→ **Work to complete**
The answer must reproduce the listing exactly, with every picture left out.
■ ■ ■ ■
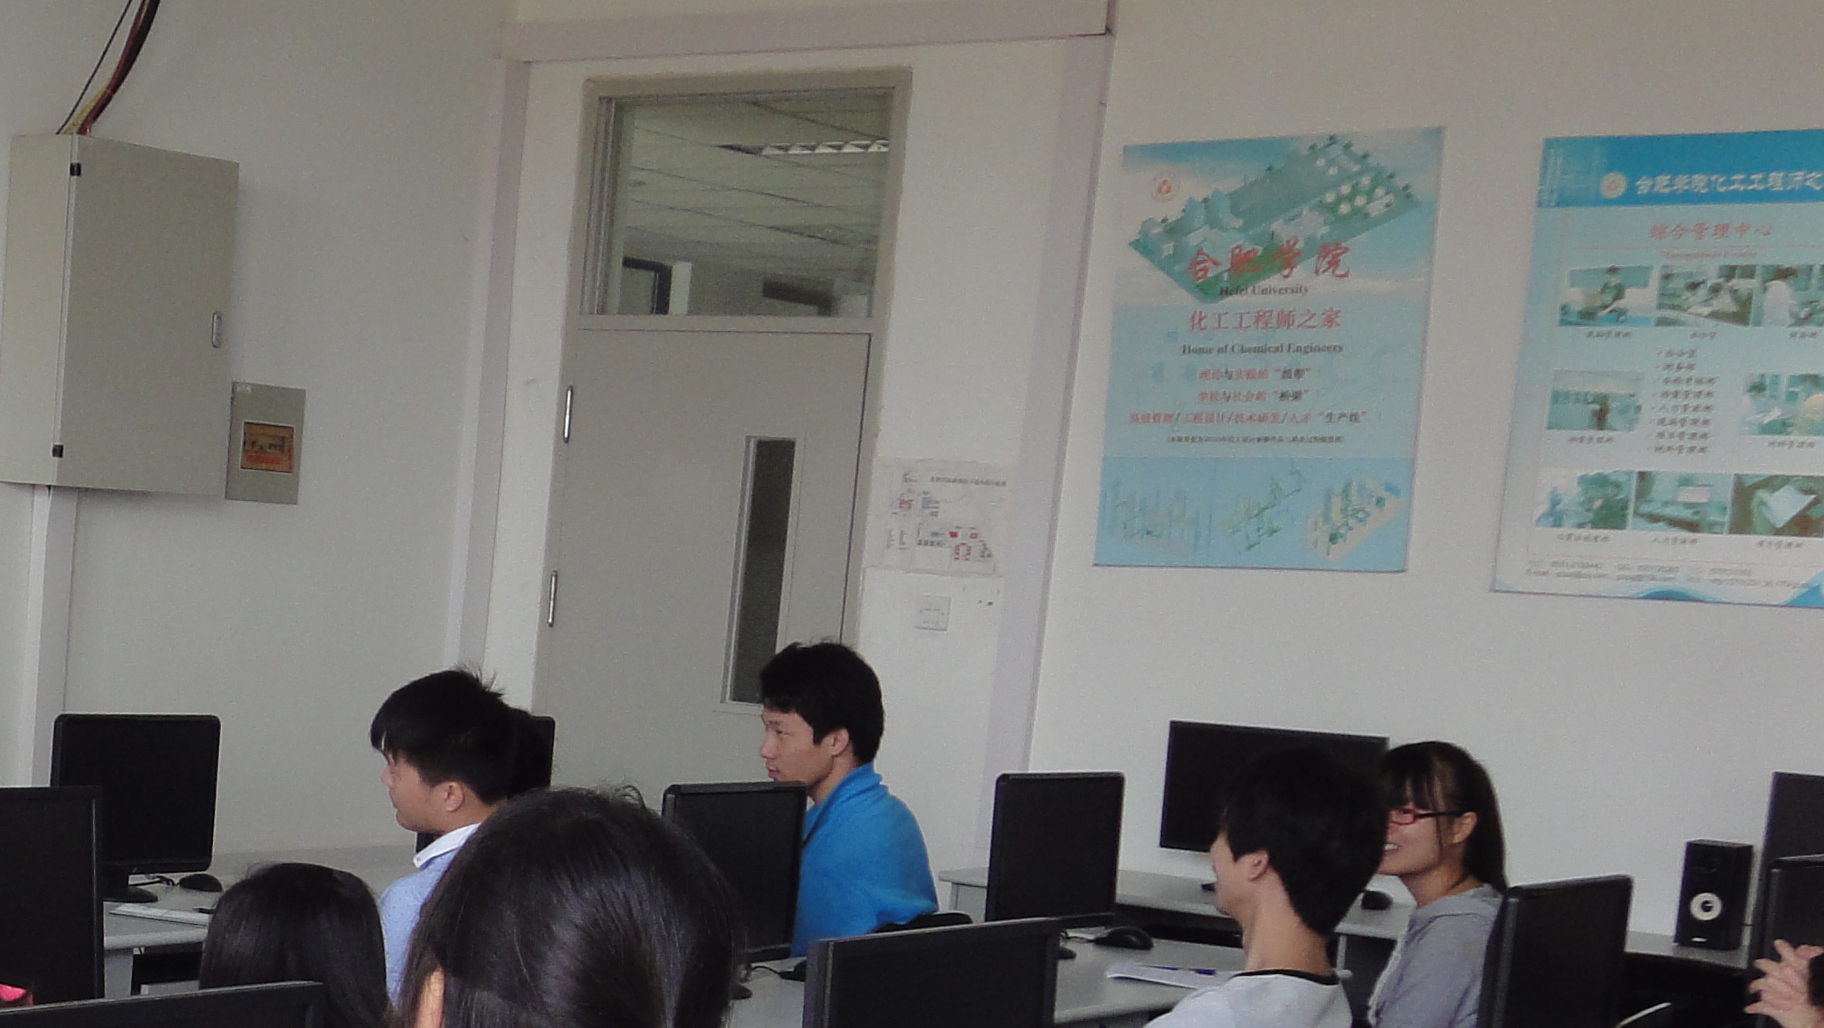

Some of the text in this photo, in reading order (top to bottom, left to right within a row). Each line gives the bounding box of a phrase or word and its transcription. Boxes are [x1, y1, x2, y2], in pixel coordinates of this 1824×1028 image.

[1185, 236, 1351, 283] 合肥学院
[1252, 283, 1309, 297] University
[1187, 307, 1341, 331] 化工工程师之家
[1182, 343, 1344, 355] Home of Chemical Engineers
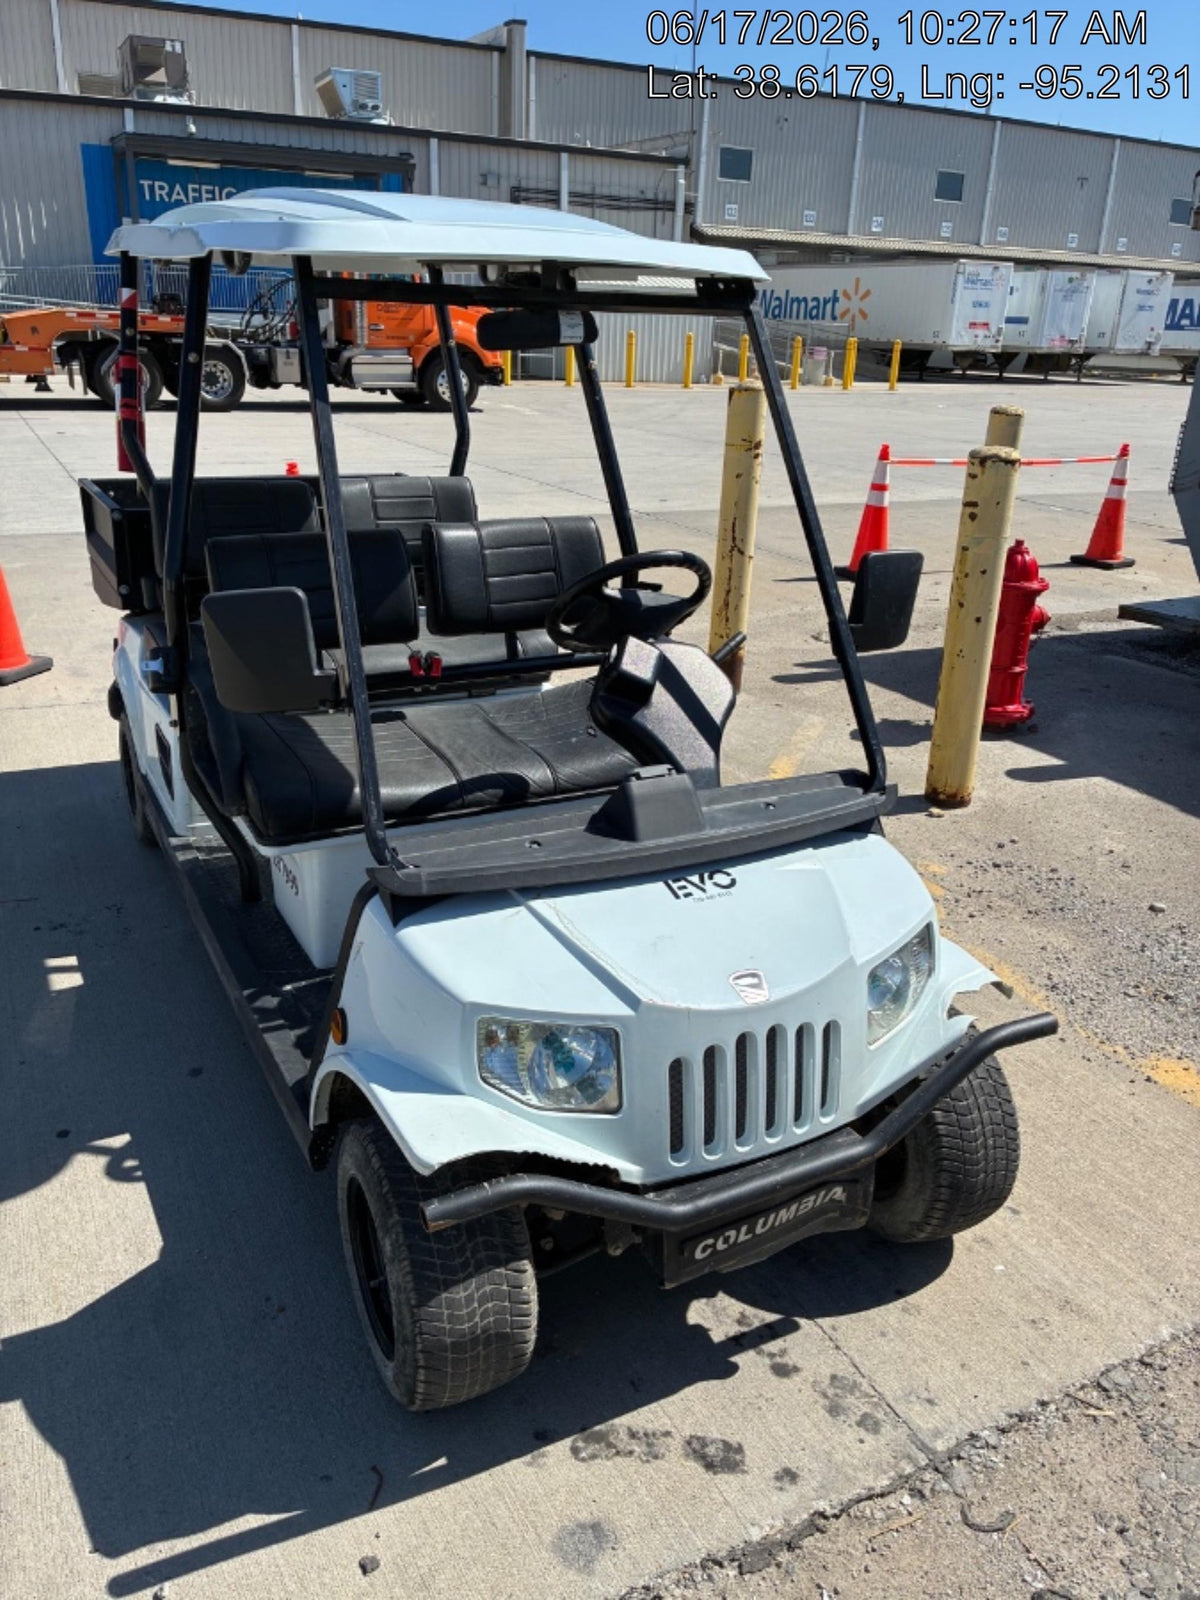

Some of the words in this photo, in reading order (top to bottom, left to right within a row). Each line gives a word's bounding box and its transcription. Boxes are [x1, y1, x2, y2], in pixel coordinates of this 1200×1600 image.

[139, 179, 237, 203] TRAFFIC
[663, 869, 737, 900] EVO
[694, 1185, 848, 1260] COLUMBIA
■ ■ ■ ■
→ **Response for this exercise**
Some of the text in this photo, in reading order (top to bottom, left to right within a row). Each line gives the bounding box of a phrase or word and its transcription. Boxes are [x1, y1, x2, y2], in pixel coordinates of this 1824×1028 image.

[1185, 236, 1351, 283] 合肥学院
[1252, 283, 1309, 297] University
[1187, 307, 1341, 331] 化工工程师之家
[1182, 343, 1344, 355] Home of Chemical Engineers

Some of the words in this photo, in reading order (top to bottom, left to right within a row). Each line gives a word's bounding box and its transcription. Boxes are [x1, y1, x2, y2], in pixel coordinates of this 1200×1600 image.

[139, 179, 237, 203] TRAFFIC
[663, 869, 737, 900] EVO
[694, 1185, 848, 1260] COLUMBIA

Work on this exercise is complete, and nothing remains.